La posibilidad de la magia

Decía Giorgio Agamben, a través de una dudosa referencia a Walter Benjamin, que los niños se sienten frustrados de sus mayores por no ser capaces de hacer magia. A esto cabe contraponer el pensamiento de los empiristas ingleses del siglo XVIII que opinaban que los niños creen en la magia porque no son lo suficientemente adultos para distinguirla de lo real. En esta disyuntiva prefiero situarme del lado de los primeros. Los infantes son perfectamente capaces de identificar lo real, es lo que contemplan cada día, y la magia es la posibilidad irrealizada, son los límites del universo cognoscible, la frustración por no poder ir más allá. Por lo tanto, en palabras de Agamben, nada hace más feliz a un niño que la magia. La pasión por los dinosaurios, es decir, por seres tan grandes como edificios, al menos mucho mayores de los que existen en la actualidad. El interés por los animales que hablan, o dicho de otro modo, por criaturas irracionales y limitadas que acogen cualidades humanas. La búsqueda de entidades mágicas, tipo gnomos, elfos, hadas, orcos, goblins, que oponer al ser humano y demostrarle así que no es el único ser racional sobre la creación. La inmensa frustración que va a acometiendo al ser que se desplaza hacia la madurez porque todo esto aparentemente no existe.

Dicho de otro modo, el ser se llena de síntesis irrealizadas. Ayer decíamos que los bebés contraponen la experiencia que tienen del mundo con la posibilidad de que eso exista o no. La tesis es la experiencia, la antítesis la posibilidad de existir, la síntesis es su existencia.

Ahora bien, no su “no existencia”. Una síntesis difícilmente puede trabar sobre la “no existencia”. Como decíamos en entradas anteriores, los sistemas no son compatibles con la negación de algo, puesto que negar algo admite la posibilidad de ese algo. Por lo tanto, el no encontrar pruebas fehacientes sobre un hecho se trata de una síntesis incompleta. El ente que crece de este modo, cuando cavila sobre la magia, caben dos opciones, o dejarla tal como una síntesis incompleta, donde la magia fluctúa como una posibilidad latente que podría llegar a darse en el futuro, o cerrar el capítulo, en otras palabras, cerrarse a esa realidad.

Ante esto ha llegado el momento de cavilar sobre el escepticismo. Es de común creencia pensar que el escéptico es aquel que niega todo aquello que no ve. Compruébenlo en cualquier página seria de Internet (fijaros que he mencionado la palabra “seria”). Esto que he comentado es “pseudoescepticismo”, no escepticismo. El escéptico es aquella persona que no cree en algo hasta que demuestre la existencia de ese algo, pero igualmente no deja de cavilar sobre su posibilidad hasta que no demuestre su inexistencia.
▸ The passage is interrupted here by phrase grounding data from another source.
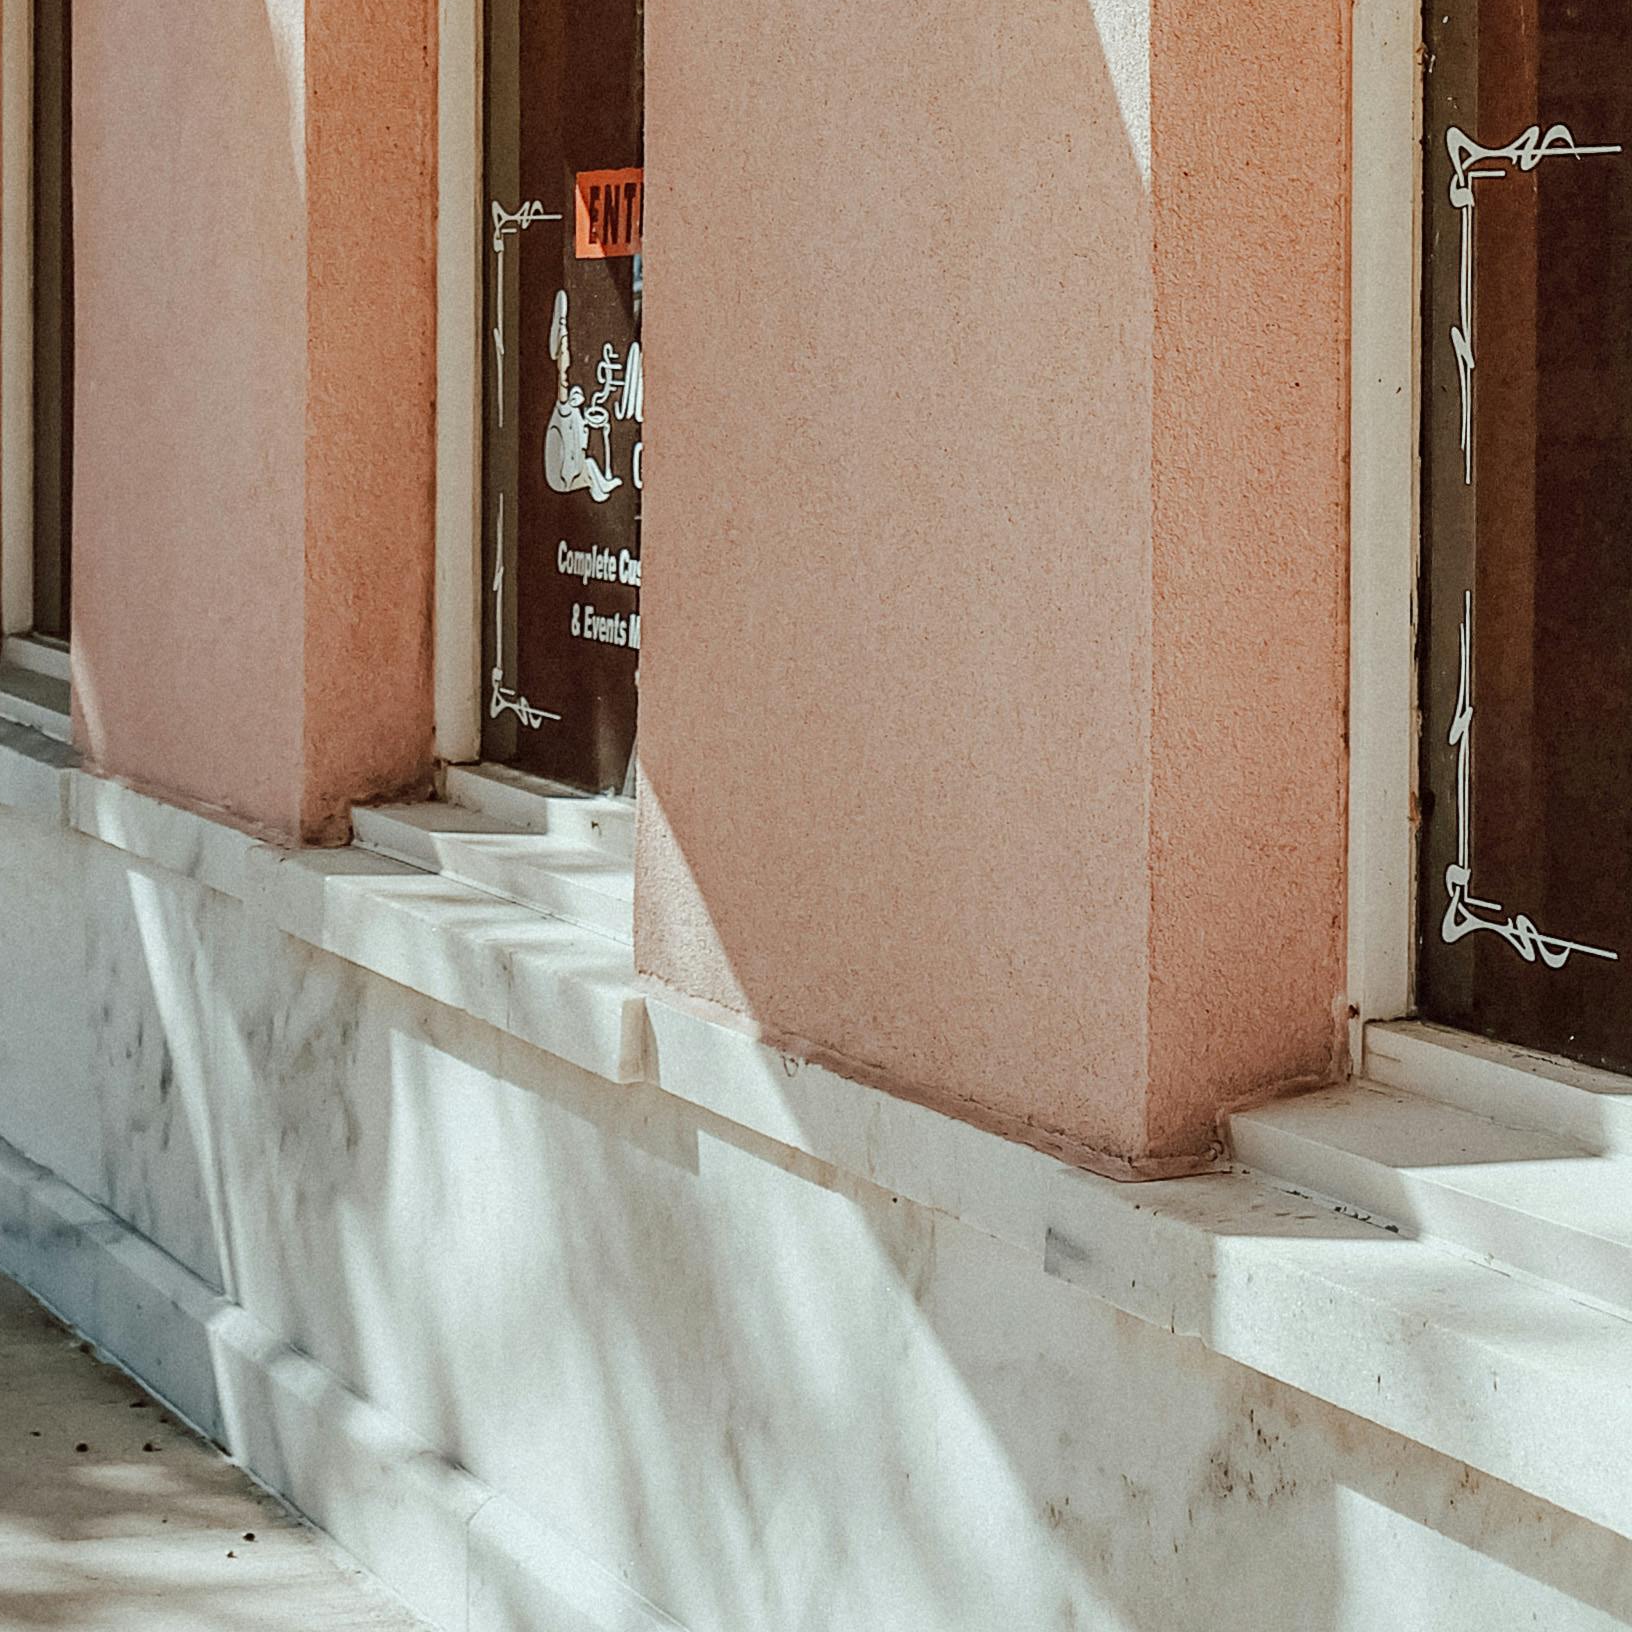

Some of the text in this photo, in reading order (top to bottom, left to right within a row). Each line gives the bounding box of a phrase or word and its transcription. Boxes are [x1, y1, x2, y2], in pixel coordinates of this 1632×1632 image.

[557, 540, 617, 586] Complete
[571, 603, 580, 637] &
[583, 605, 627, 647] Events
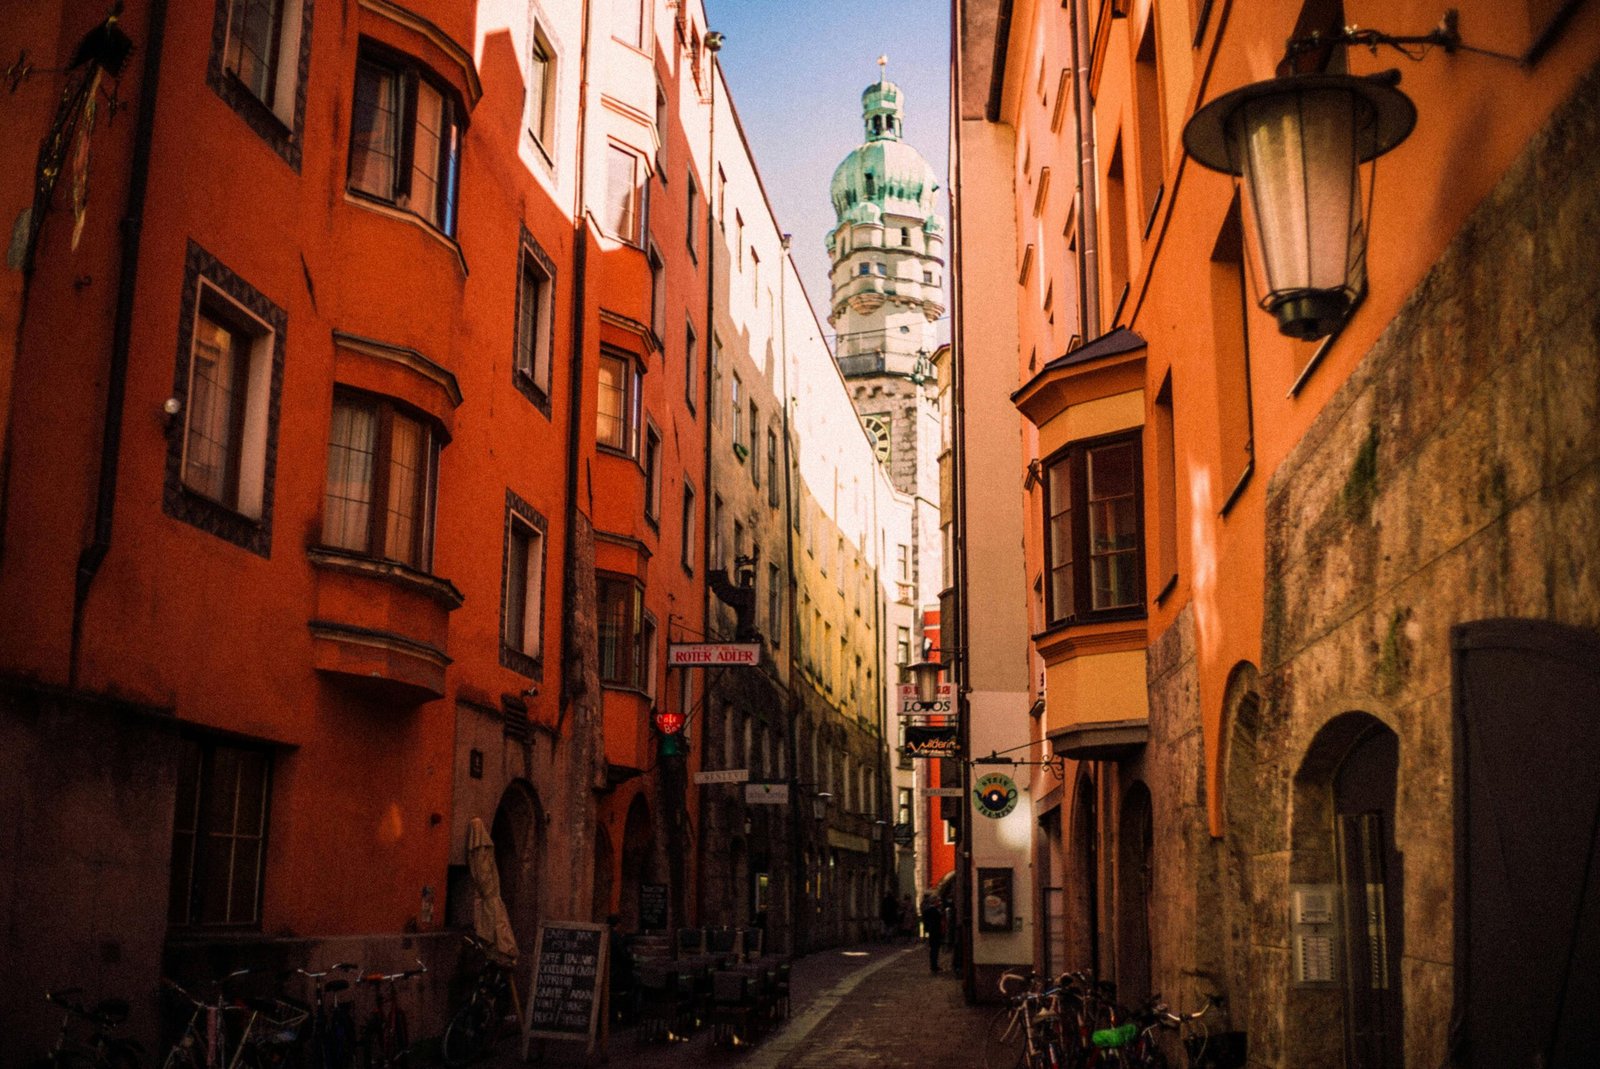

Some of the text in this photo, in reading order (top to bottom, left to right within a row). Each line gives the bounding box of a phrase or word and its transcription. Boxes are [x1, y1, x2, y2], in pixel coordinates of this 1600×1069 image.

[676, 651, 753, 662] ROTER ADLER
[981, 776, 1010, 787] STEIN
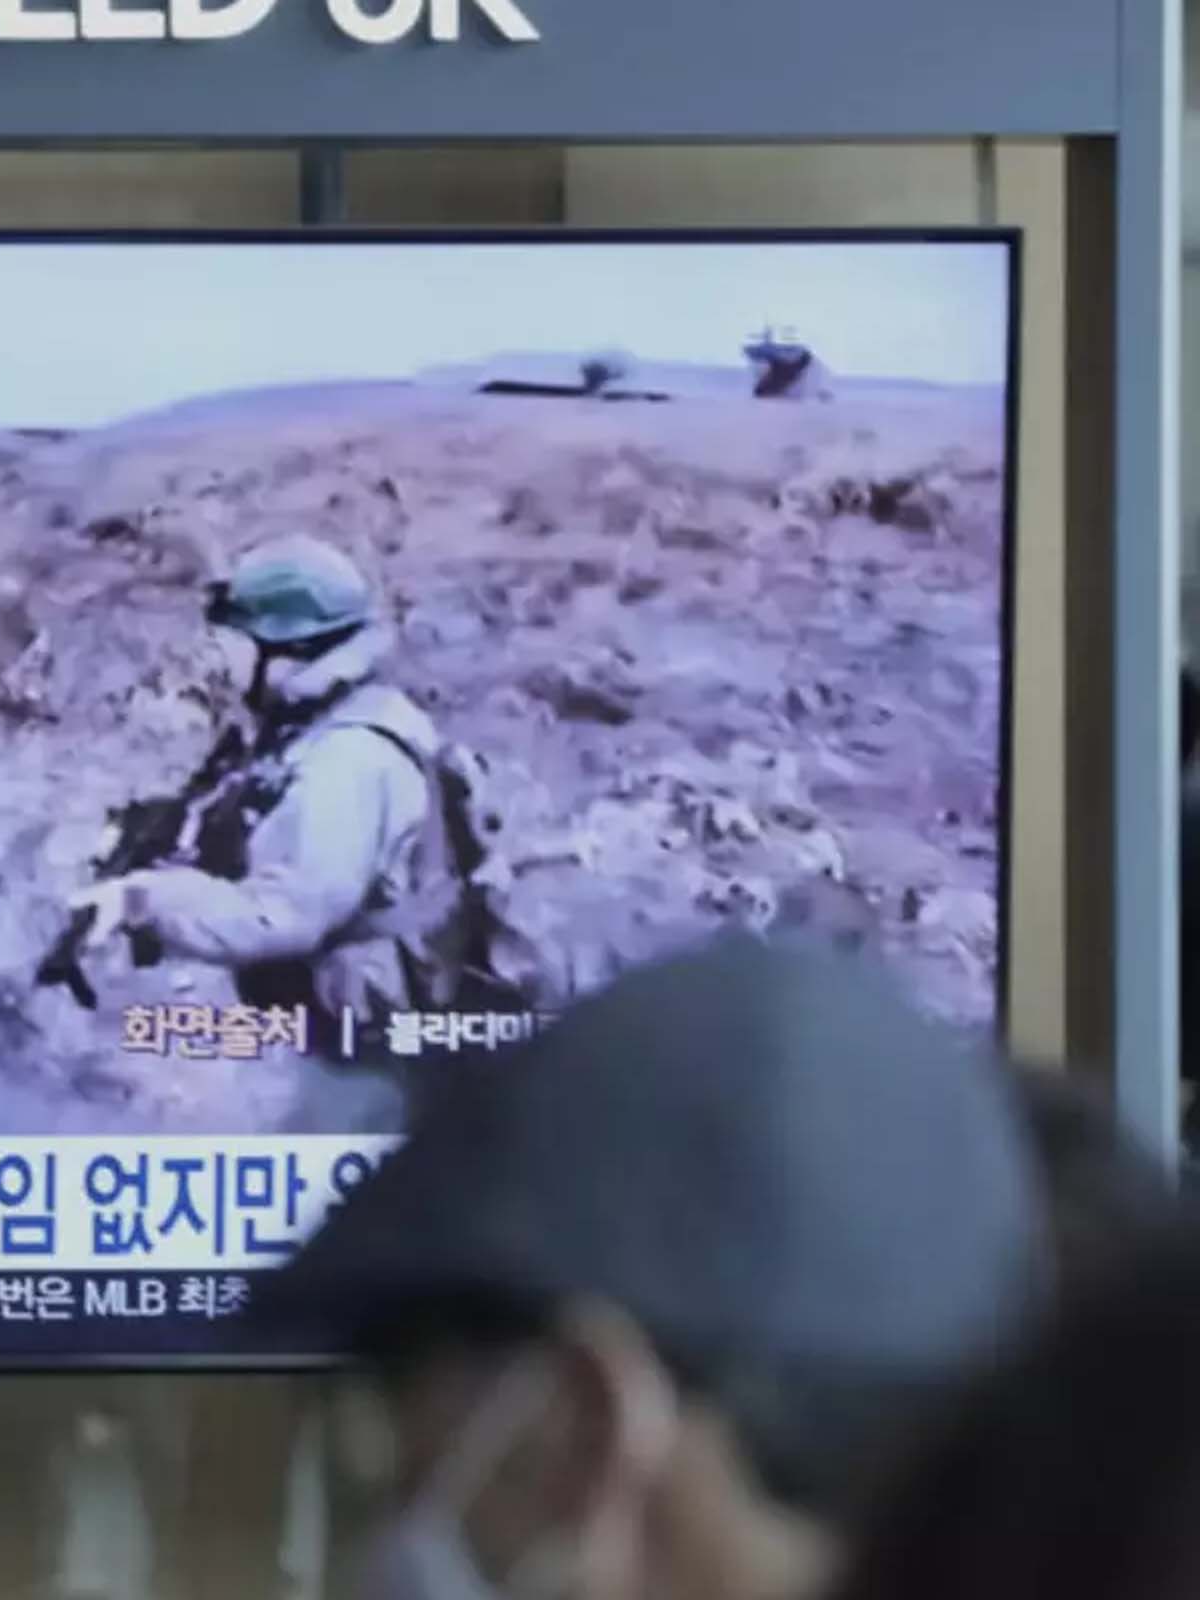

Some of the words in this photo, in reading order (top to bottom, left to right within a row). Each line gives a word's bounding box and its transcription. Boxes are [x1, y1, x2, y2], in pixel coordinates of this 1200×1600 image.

[121, 1003, 308, 1058] 화면출처
[385, 1011, 560, 1055] 블라디미
[84, 1152, 308, 1256] 없지만
[84, 1278, 168, 1317] MLB
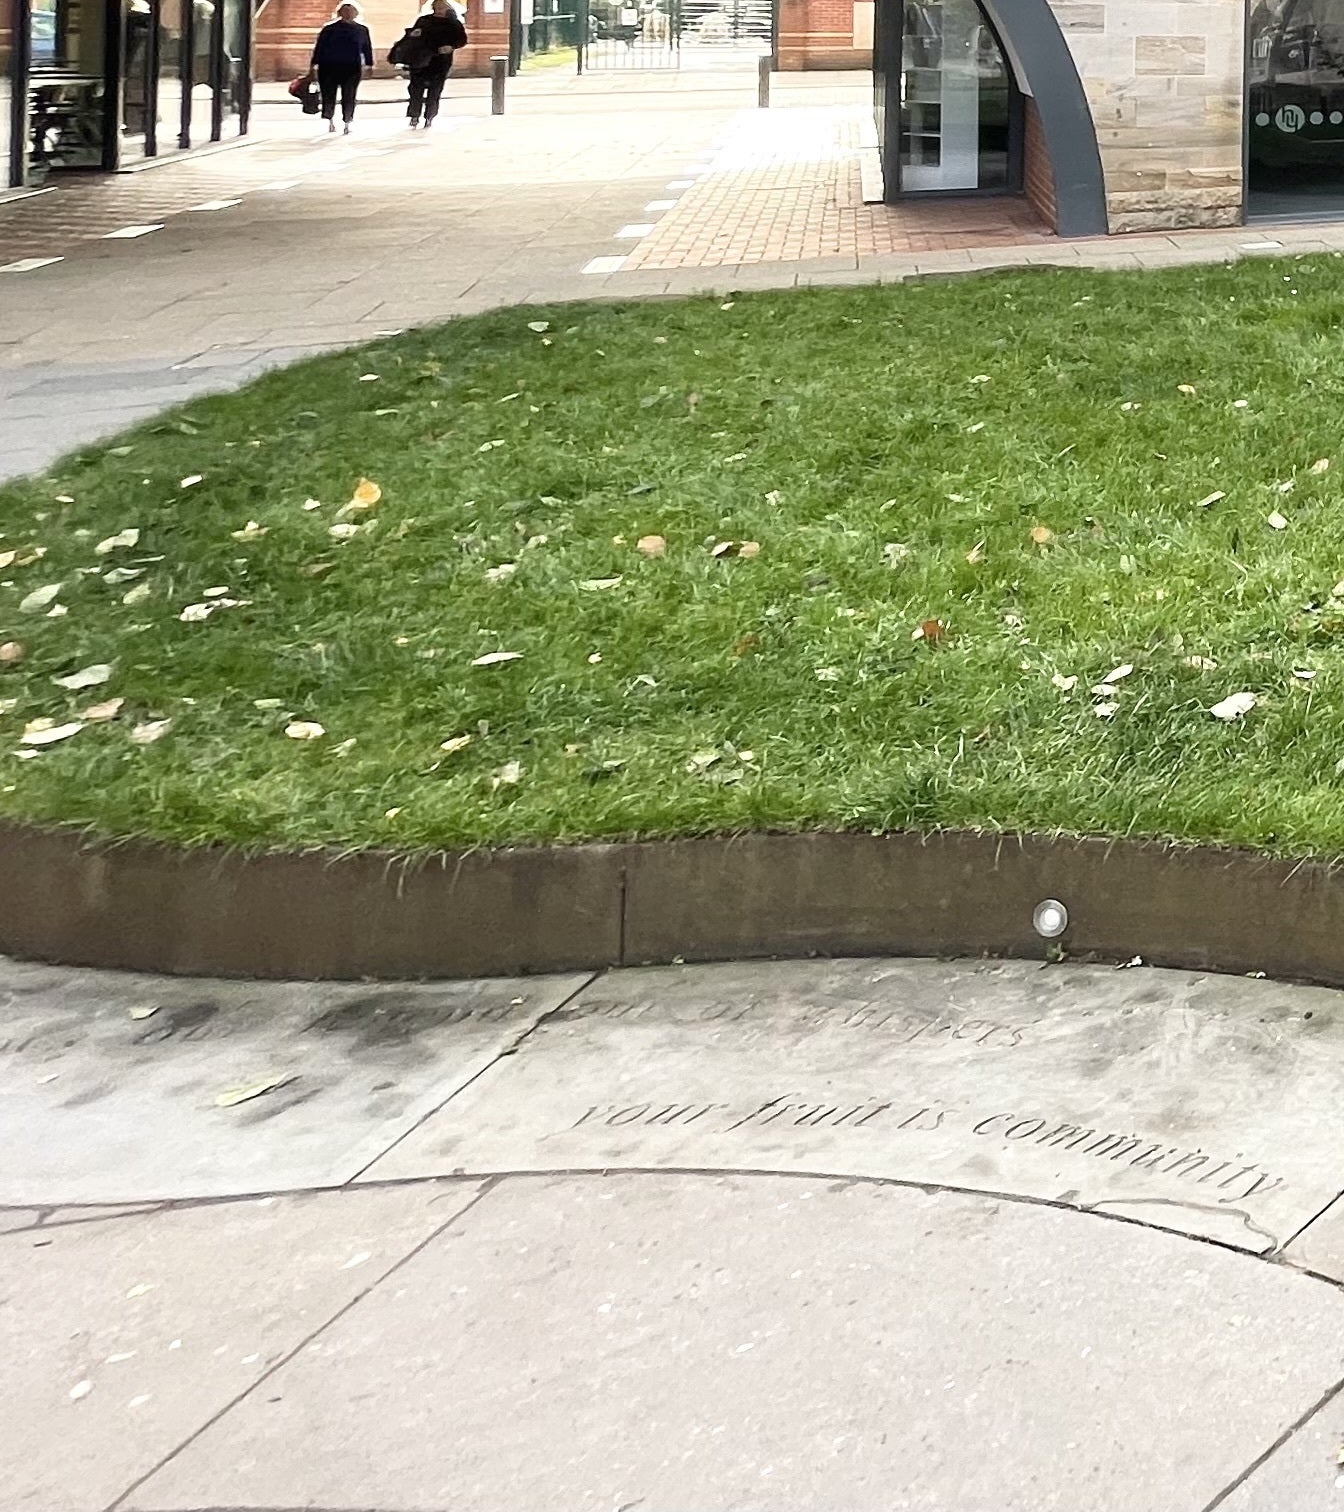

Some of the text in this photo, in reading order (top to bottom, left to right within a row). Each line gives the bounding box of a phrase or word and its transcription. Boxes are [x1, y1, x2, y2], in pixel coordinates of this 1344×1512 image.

[726, 1092, 893, 1132] fruit
[897, 1098, 952, 1131] is
[972, 1112, 1288, 1204] community
Porque, ¿qué significa, como hemos introducido, cerrarse a una realidad? Como cerrarse a la posibilidad de la magia. Implica eliminar esa línea del sistema propio, implicar erradicar la posibilidad de su mente, implica reducir la complejidad, en definitivas cuentas, es un postulado hacia el desaprendizaje. Una sociedad pragmática como la china, bajo el prisma de la sumisión, el sometimiento y la cerrazón hacia lo extranjero, vivió una parálisis cerebral de más de mil años. Una sociedad aparentemente convulsa y atrasada como la europea medieval, no obstante con herejías, con luchas diversas, con un individualismo ferviente que no permitió que ciertas posibilidades quedaran cerradas, produjo un salto cualitativo espectacular en apenas tres o cuatro siglos que nos ha llevado hasta nuestros días.